The upcoming iPhone 14 has been the subject of ample speculation, something fueled in part by allegedly leaked schematics showing what looks like an overall chunkier design and a much larger amount of space dedicated to the rear camera setup. Some Apple fans believe the design change on the back panel will house substantially upgraded cameras, at least when compared with the 12MP sensor currently available in the iPhone 13 and iPhone 13 Pro.
If the schematics are indeed legitimate and this is how the iPhone 14 and iPhone 14 Pro will be constructed, the camera bump on the back of the device would add roughly half a centimeter’s worth of thickness to the whole piece — and that’s on top of the 0.15mm of thickness that may also be added, going by the design leak. With the size and weight of smartphones being an ongoing consideration for many customers, why would Apple want to increase the size — and most likely bulk — of the camera assembly?
It’s for the cameras
Ming-Chi Kuo, an analyst for Tianfeng International Securities, says the leaked design change has everything to do with the iPhone 14 and iPhone 14 Pro’s new wide camera. In a tweeted response to 9to5Mac’s story about the next iPhone’s increased bulk, Kuo explains, "The main reason for the larger and more prominent rear-camera bump of the 14 Pro/Pro Max is upgrading the wide camera to 48MP."
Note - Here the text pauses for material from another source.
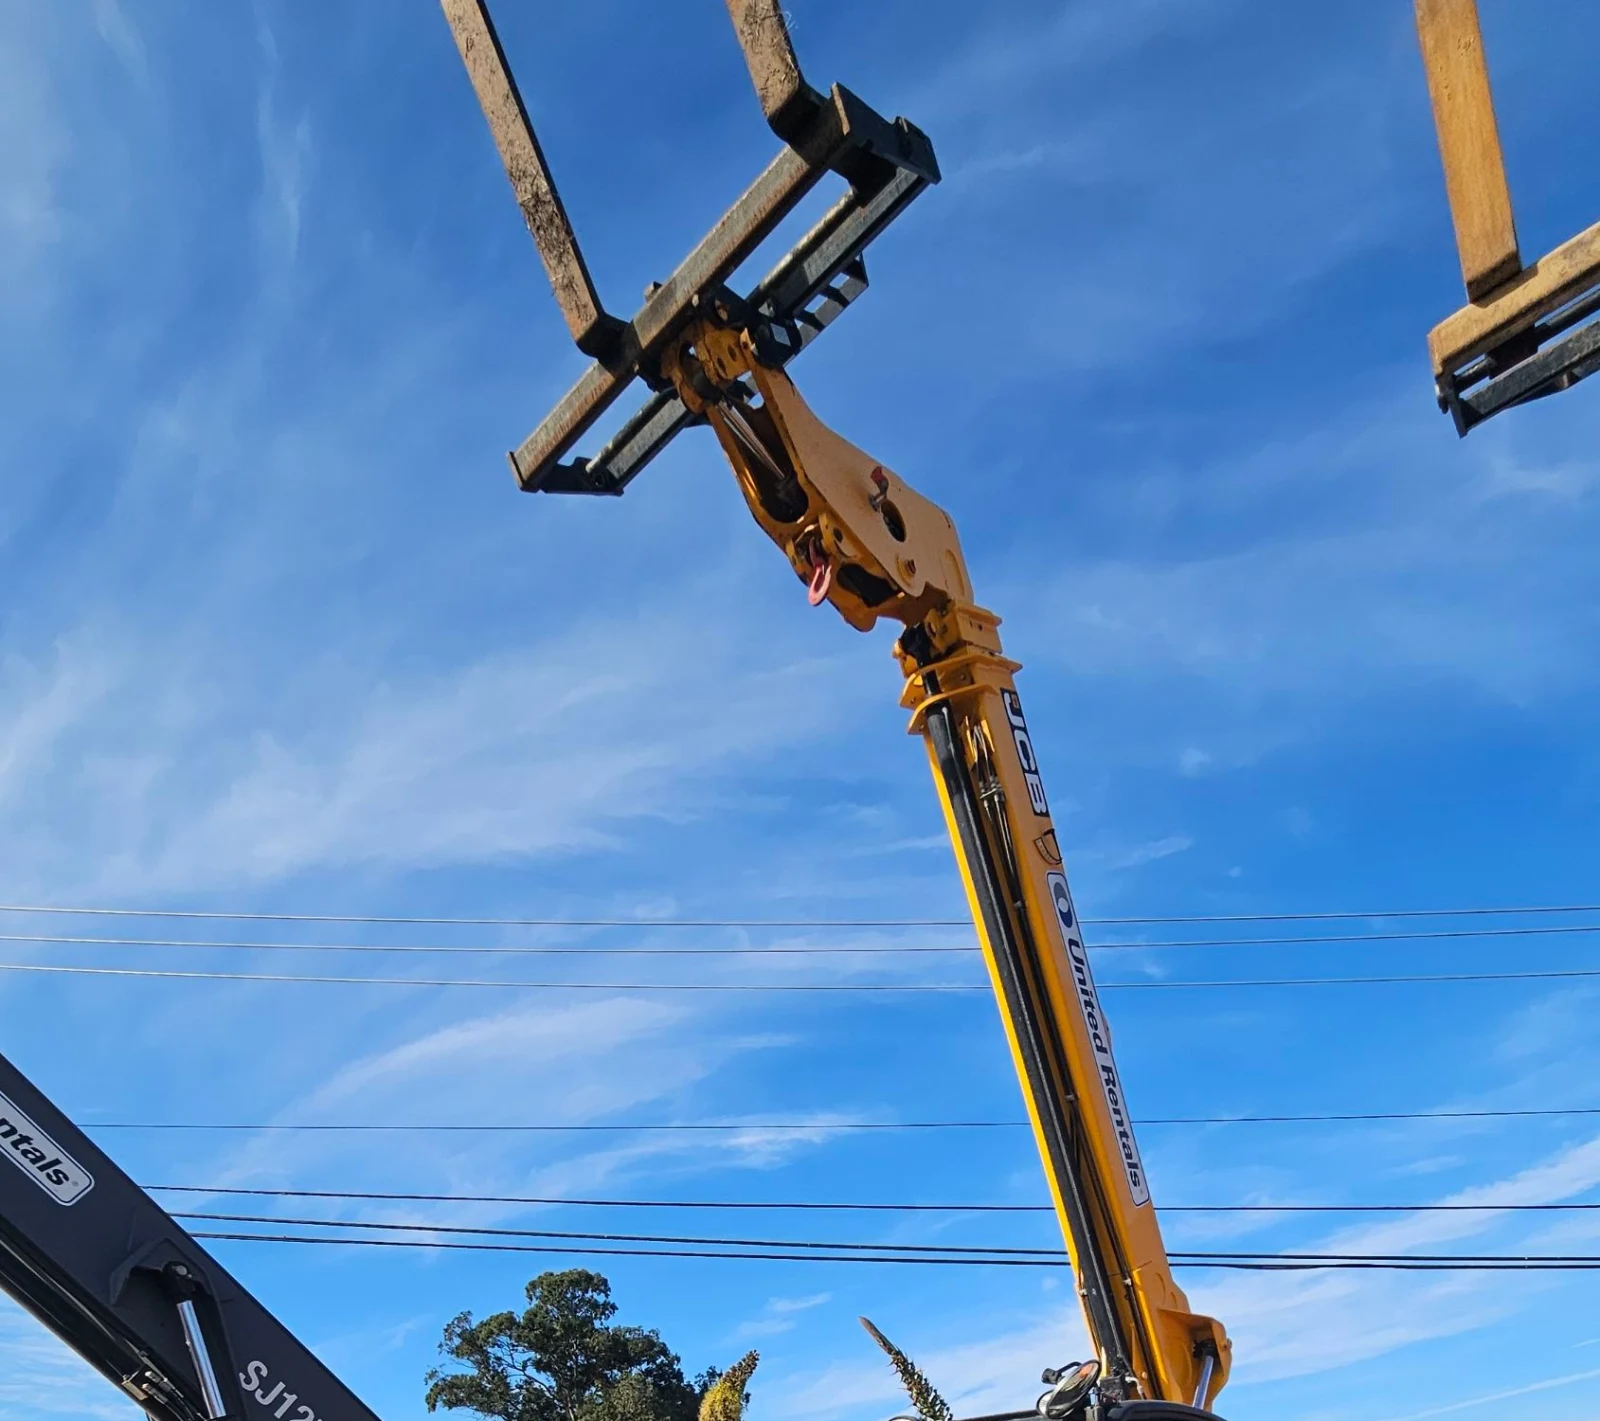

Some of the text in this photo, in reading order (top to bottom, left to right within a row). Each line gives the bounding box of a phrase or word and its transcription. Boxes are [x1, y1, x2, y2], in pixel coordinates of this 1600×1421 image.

Kuo goes on to claim the new 48MP camera is simply larger than the current 12MP camera found in the iPhone 13 and 13 Pro, increasing both the diagonal length of the contact image sensor by up to 35%, and the height of the lens itself by up to 10%. This may seem insignificant when talking about centimeters and millimeters, but every little factor adds up and can mean the difference between some users feeling like a phone is too heavy or too small.
While the (currently speculated) increase in bulk for the next wave of iPhones may be disappointing to some, it does seem justifiable. As tiny and powerful as modern technologies have become, they’re still bound by the limitations of reality and physics.